I am one of the first in my family to be born in this country. In January of 1969, my father, his parents, and his four siblings were granted asylum in the United States as refugees from Morocco. When I was a child, he gave me the booklet he studied to receive his citizenship, an heirloom. I slept under a large map of the United States that he nailed to the wall above my bed. I understood he had to fight to become a citizen of this country. I understood I should be proud to be an American.
I began this project, Promised Land, in December of 2020, when contractors across the border states were racing to build the border wall. In protest, I took my camera south, to the people and places that exist between the actual border and the 100-mile range of Border Patrol’s jurisdiction. I wanted to find out who the United States was trying to keep out, and why.
My 8x10 format camera, built in the 1930s, is as necessary to my process as is my access to extended periods of immersion. The qualities that make the camera slow to work are exactly why: it requires a collaboration between the image’s subject and myself. If I am creating a portrait, the person in front of my lens must be comfortable; I spend time with each person, engaging in conversation, hearing their stories. If I am making a landscape, I must wait in that place for the light.
As of December, I have been working on Promised Land for one year. In this time, I have made 935 images in three border states, and I kept written journals as I’ve traveled. I am planning annual trips to the area, living in my truck while I work, between the months of October and April. This allows me to travel on the smallest possible budget, while remaining nimble and nomadic.
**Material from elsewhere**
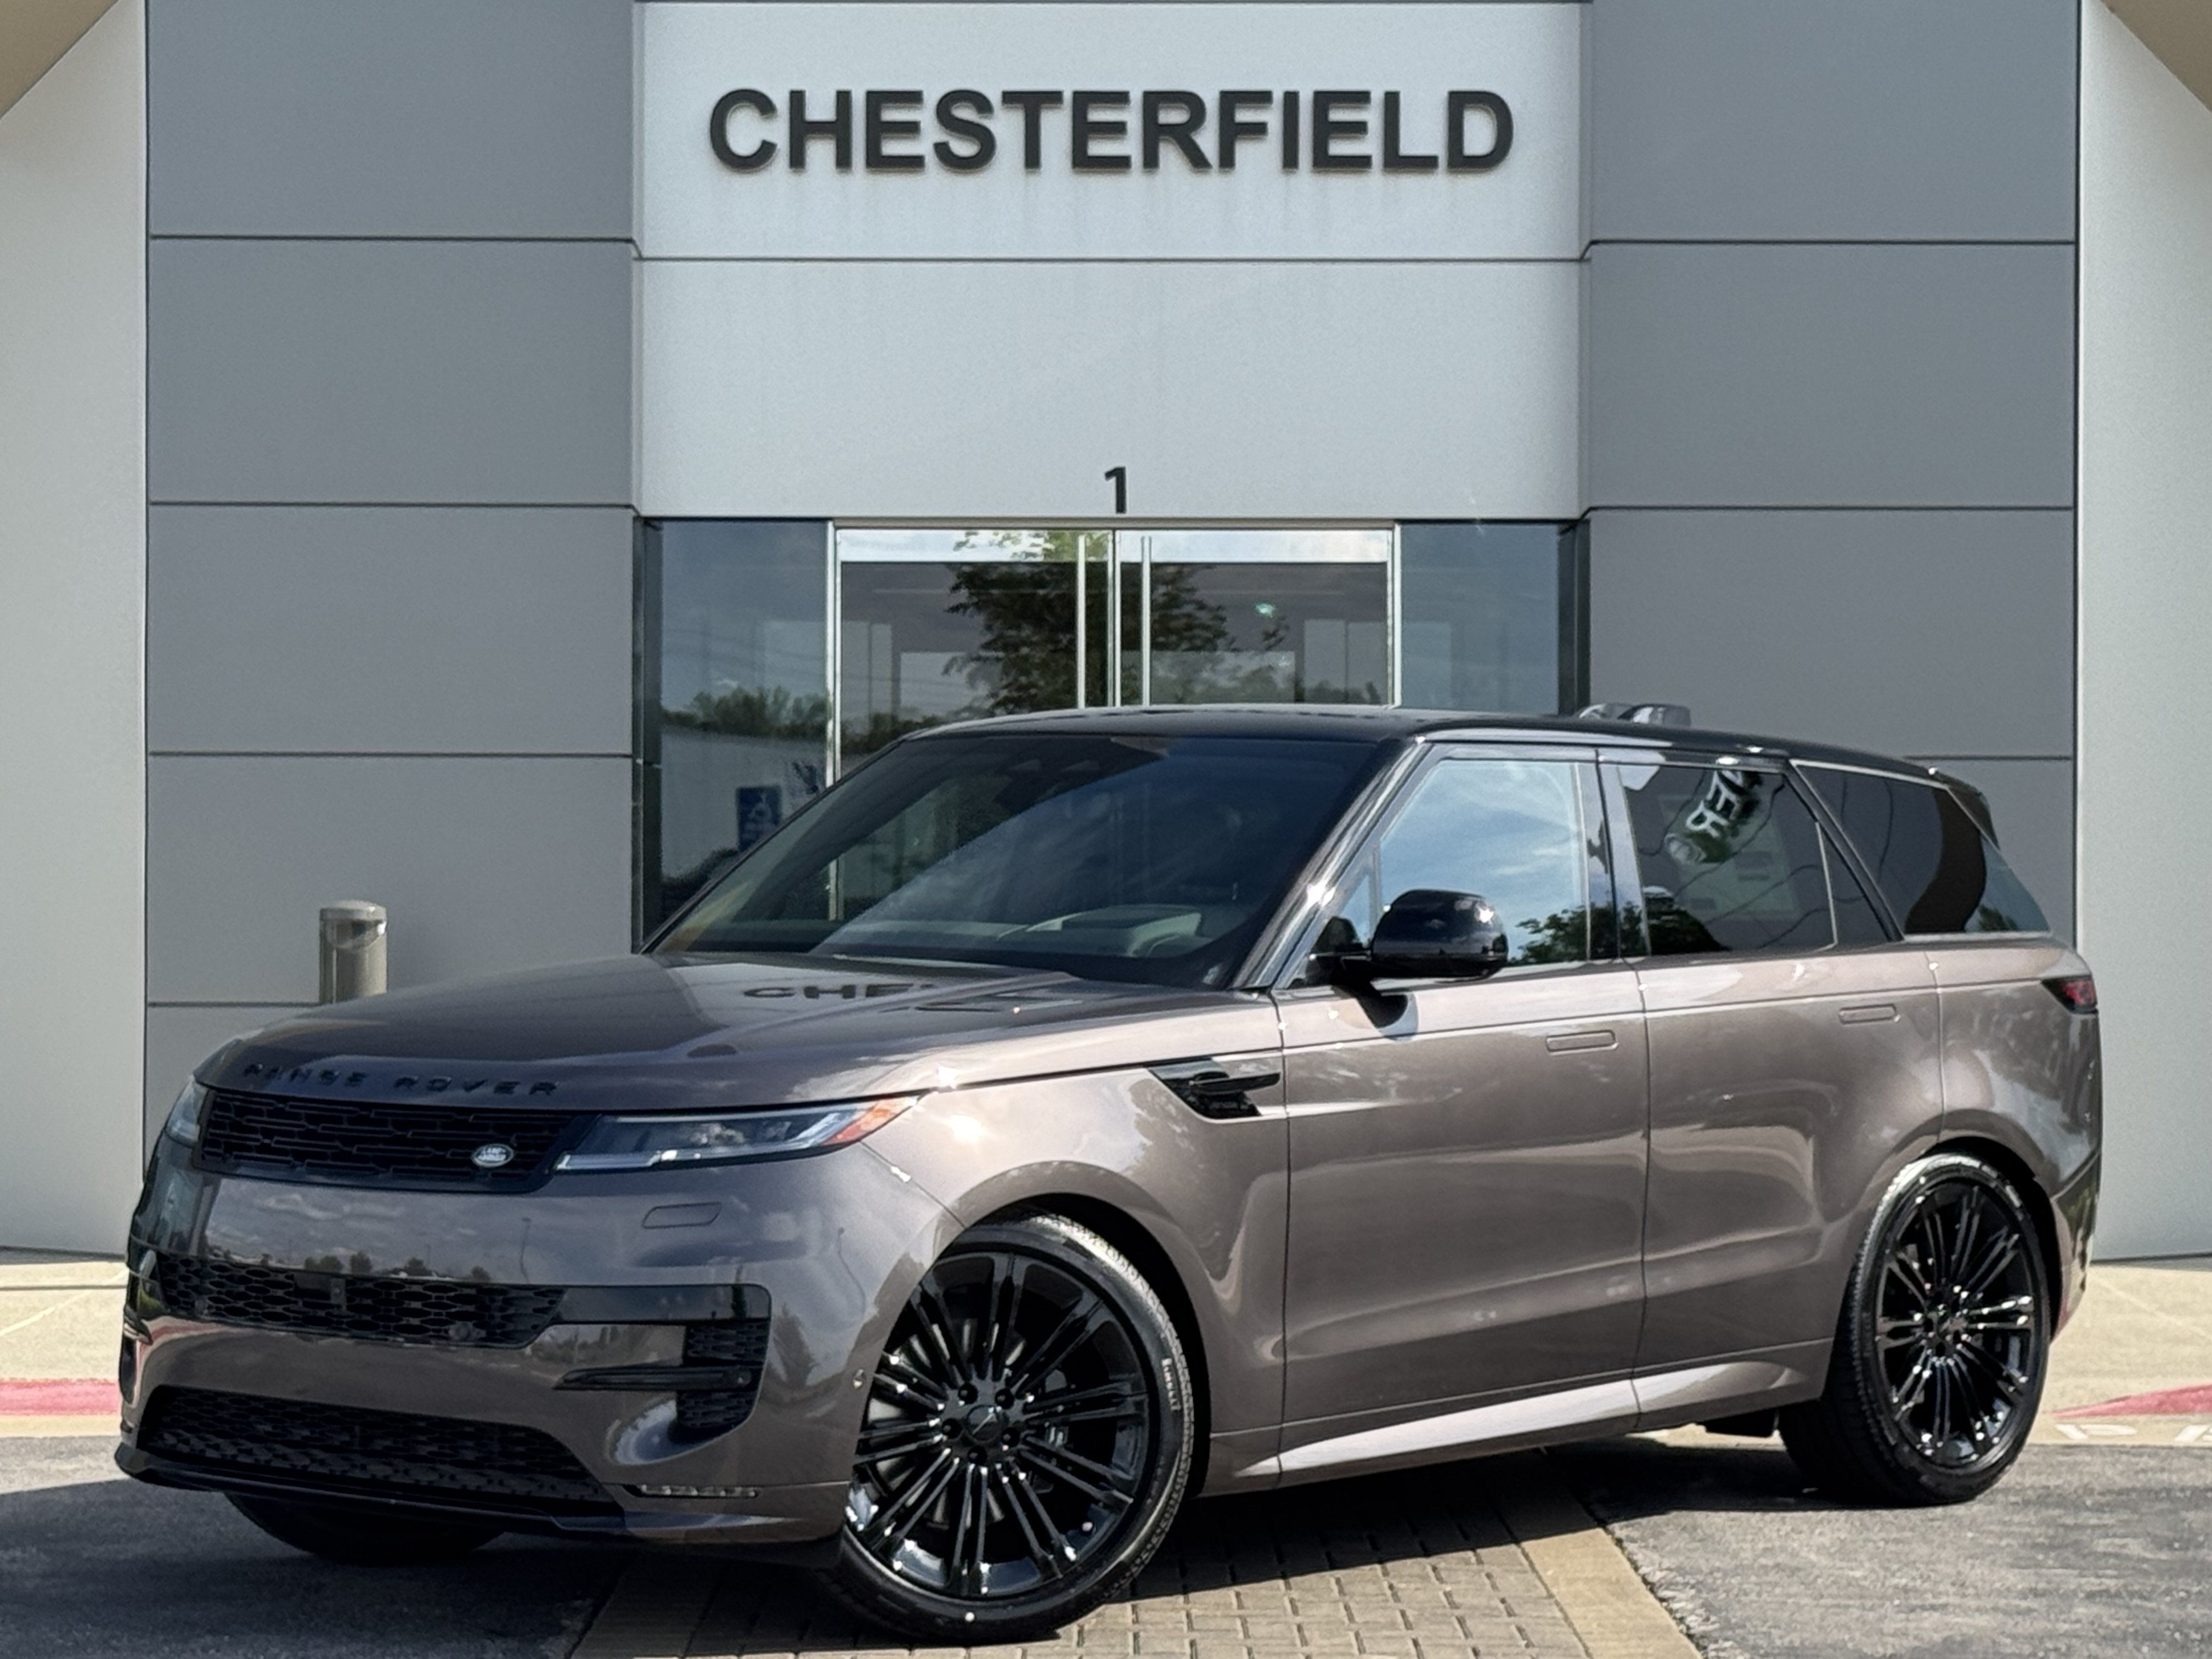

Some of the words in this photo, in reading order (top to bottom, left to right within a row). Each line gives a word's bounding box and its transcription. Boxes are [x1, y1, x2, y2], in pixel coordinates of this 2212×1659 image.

[710, 89, 1513, 174] CHESTERFIELD
[1105, 467, 1126, 514] 1
[393, 1076, 560, 1096] ROVER
The other aspect of this project that is important to me is that I am volunteering with respite centers for migrants while I am living along the border, creating this work, to further understand the realities for people who wish to seek asylum in the United States. I will return to Nogales, Mexico, to continue volunteering and photographing with the Kino Border Initiative; Agua Prieta, Mexico to continue work with Centro de Recursos Para Migrantes; El Paso, Texas, where I will work with the Annunciation House; and Ajo, Arizona, to follow and photograph the Aguilas del Desierto. A slow document, a record of people photographed, on their own terms, is the only way I know to create systemic opportunities for empathy during a migratory crisis that is just beginning, one that will only escalate in the era of climate change. With your help, I will make this record.